# What this task involves
Would you transcribe the entries below word for word, omitting all images?

### Supplied records

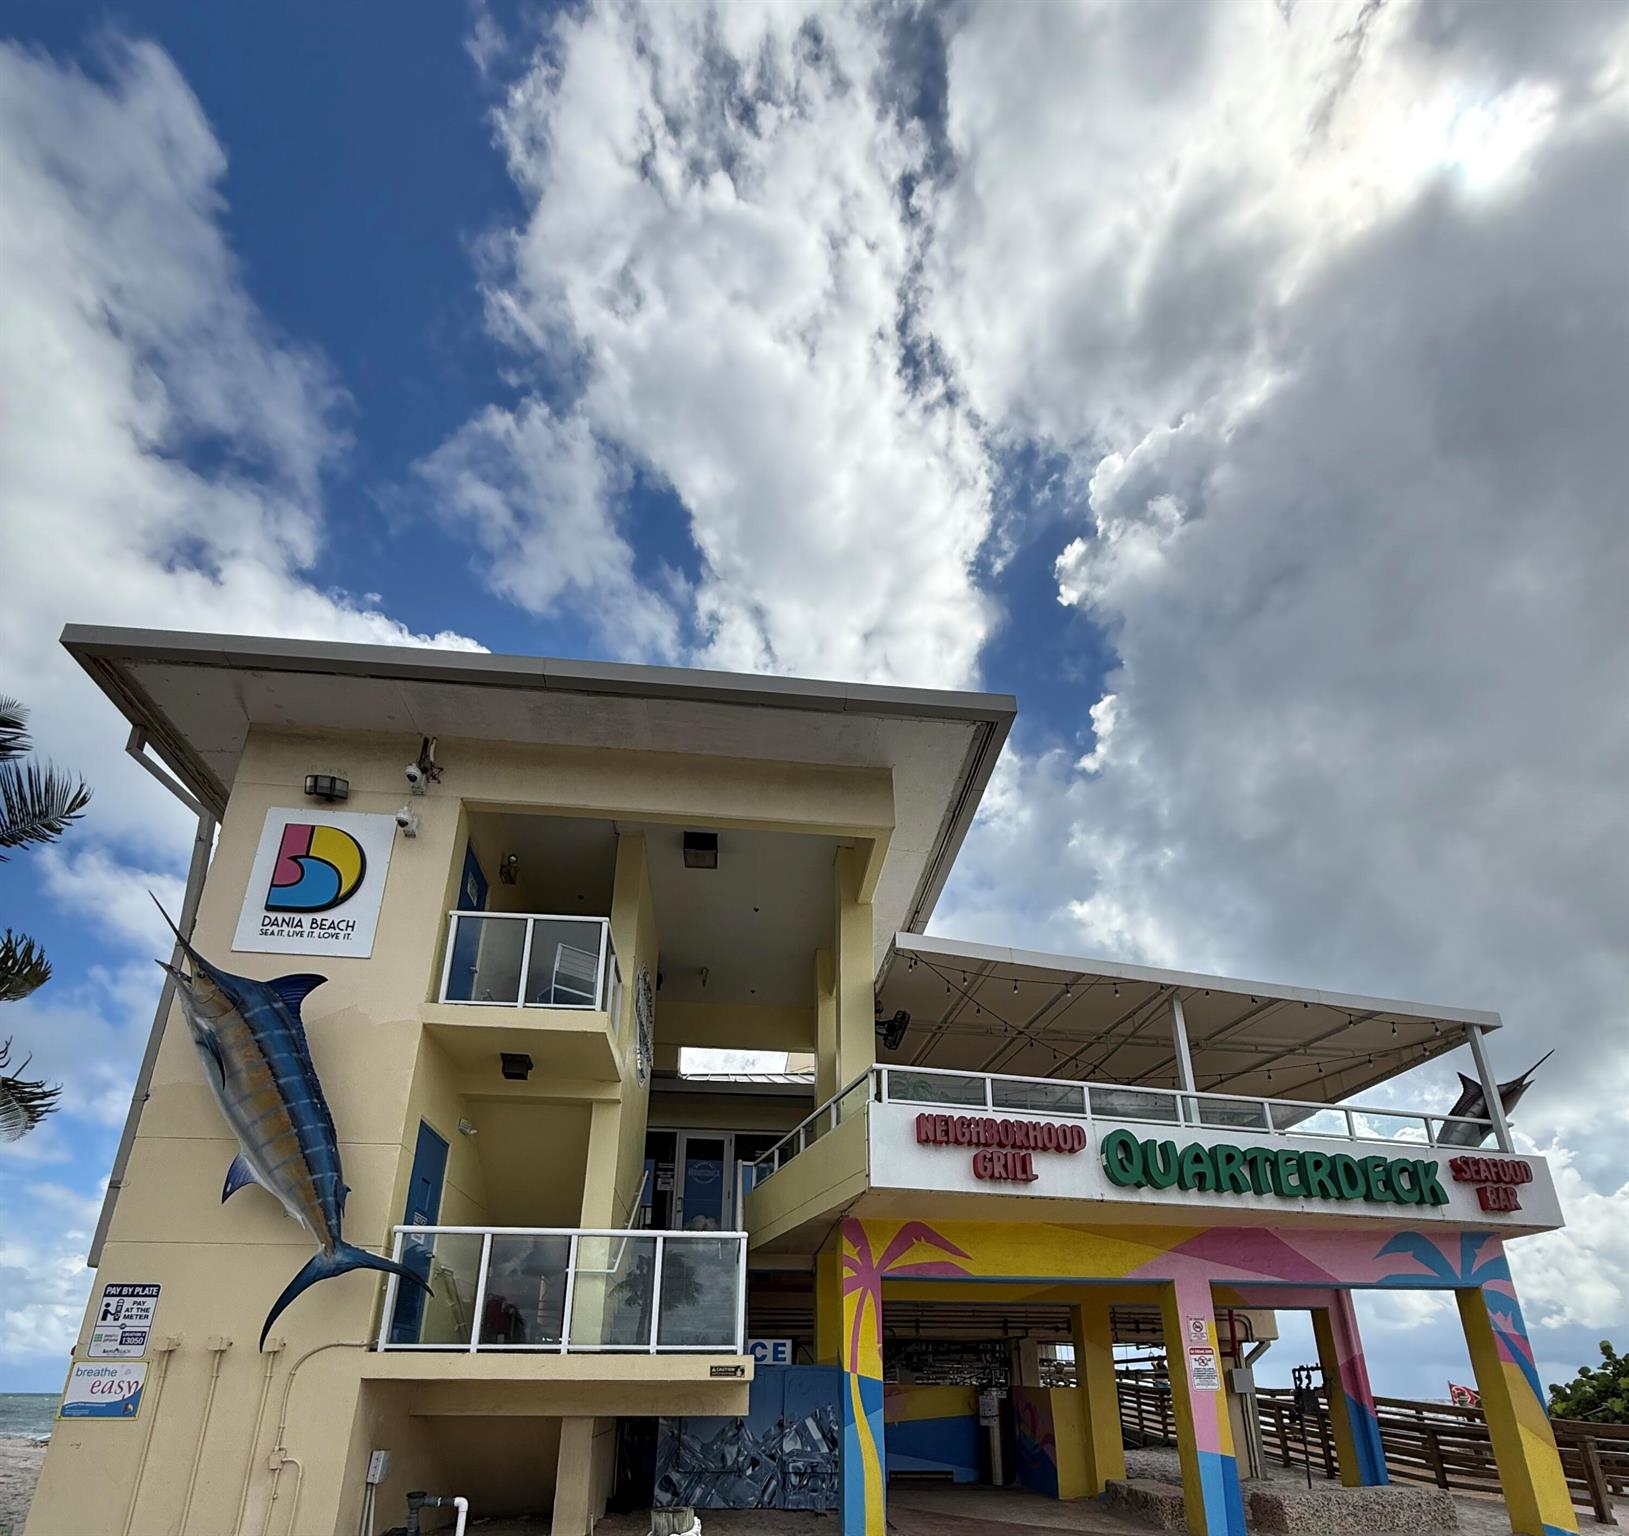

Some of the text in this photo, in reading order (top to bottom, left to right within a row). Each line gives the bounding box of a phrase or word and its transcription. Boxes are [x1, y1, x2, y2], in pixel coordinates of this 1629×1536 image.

[259, 928, 275, 936] SEA
[277, 929, 285, 937] IT.
[287, 930, 305, 938] LIVE
[318, 932, 340, 940] LOVE
[343, 933, 353, 941] IT.
[261, 915, 356, 932] DANIA BEACH
[916, 1113, 1087, 1154] NEIGHBORHOOD
[972, 1150, 1039, 1182] GRILL
[1101, 1129, 1449, 1206] QUARTERDECK
[1450, 1156, 1533, 1184] SEAFOOD
[1476, 1186, 1522, 1212] BAR
[106, 1287, 159, 1295] PAY BY PLATE
[749, 1342, 787, 1362] CE
[75, 1367, 118, 1377] breathe
[90, 1379, 140, 1401] easy
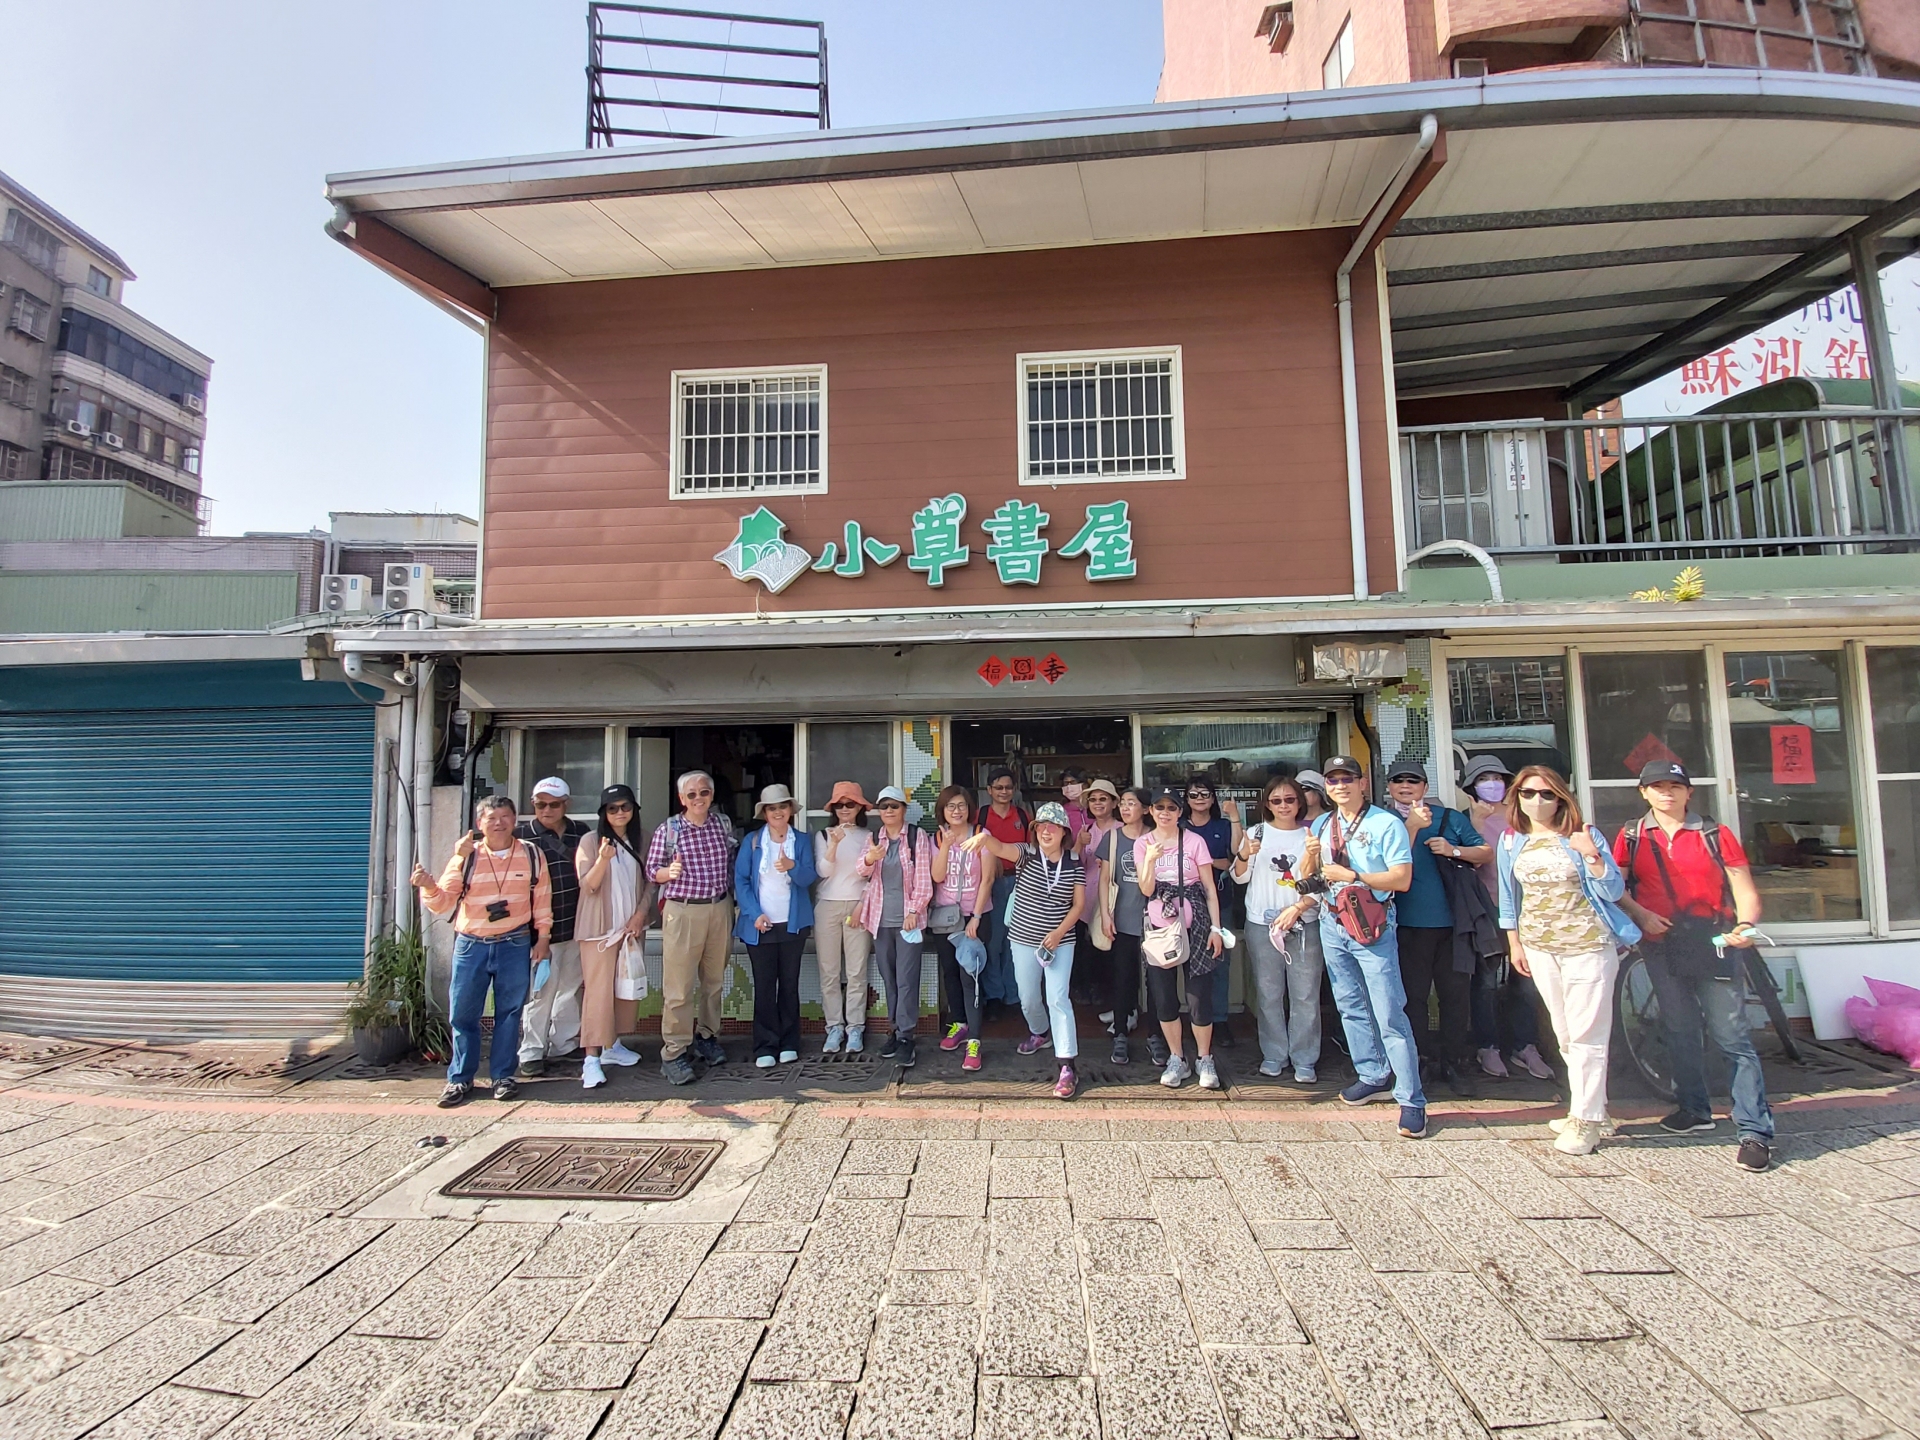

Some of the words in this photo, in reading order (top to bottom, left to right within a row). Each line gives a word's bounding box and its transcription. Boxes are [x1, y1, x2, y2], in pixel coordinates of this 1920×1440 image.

[811, 493, 1137, 588] 小草書屋
[983, 662, 1001, 680] 福
[1043, 657, 1066, 682] 春

######

# Solution to this task
Some of the text in this photo, in reading order (top to bottom, left to right within a row). Each line gives the bounding box of a phrase or word and its transcription. Boxes are [x1, y1, x2, y2], in pixel coordinates of this 1629×1536 image.

[259, 928, 275, 936] SEA
[277, 929, 285, 937] IT.
[287, 930, 305, 938] LIVE
[318, 932, 340, 940] LOVE
[343, 933, 353, 941] IT.
[261, 915, 356, 932] DANIA BEACH
[916, 1113, 1087, 1154] NEIGHBORHOOD
[972, 1150, 1039, 1182] GRILL
[1101, 1129, 1449, 1206] QUARTERDECK
[1450, 1156, 1533, 1184] SEAFOOD
[1476, 1186, 1522, 1212] BAR
[106, 1287, 159, 1295] PAY BY PLATE
[749, 1342, 787, 1362] CE
[75, 1367, 118, 1377] breathe
[90, 1379, 140, 1401] easy

Some of the words in this photo, in reading order (top to bottom, left to right within a row). Each line gives a word's bounding box and its transcription. Boxes are [x1, y1, x2, y2], in pixel coordinates of this 1920×1440 image.

[811, 493, 1137, 588] 小草書屋
[983, 662, 1001, 680] 福
[1043, 657, 1066, 682] 春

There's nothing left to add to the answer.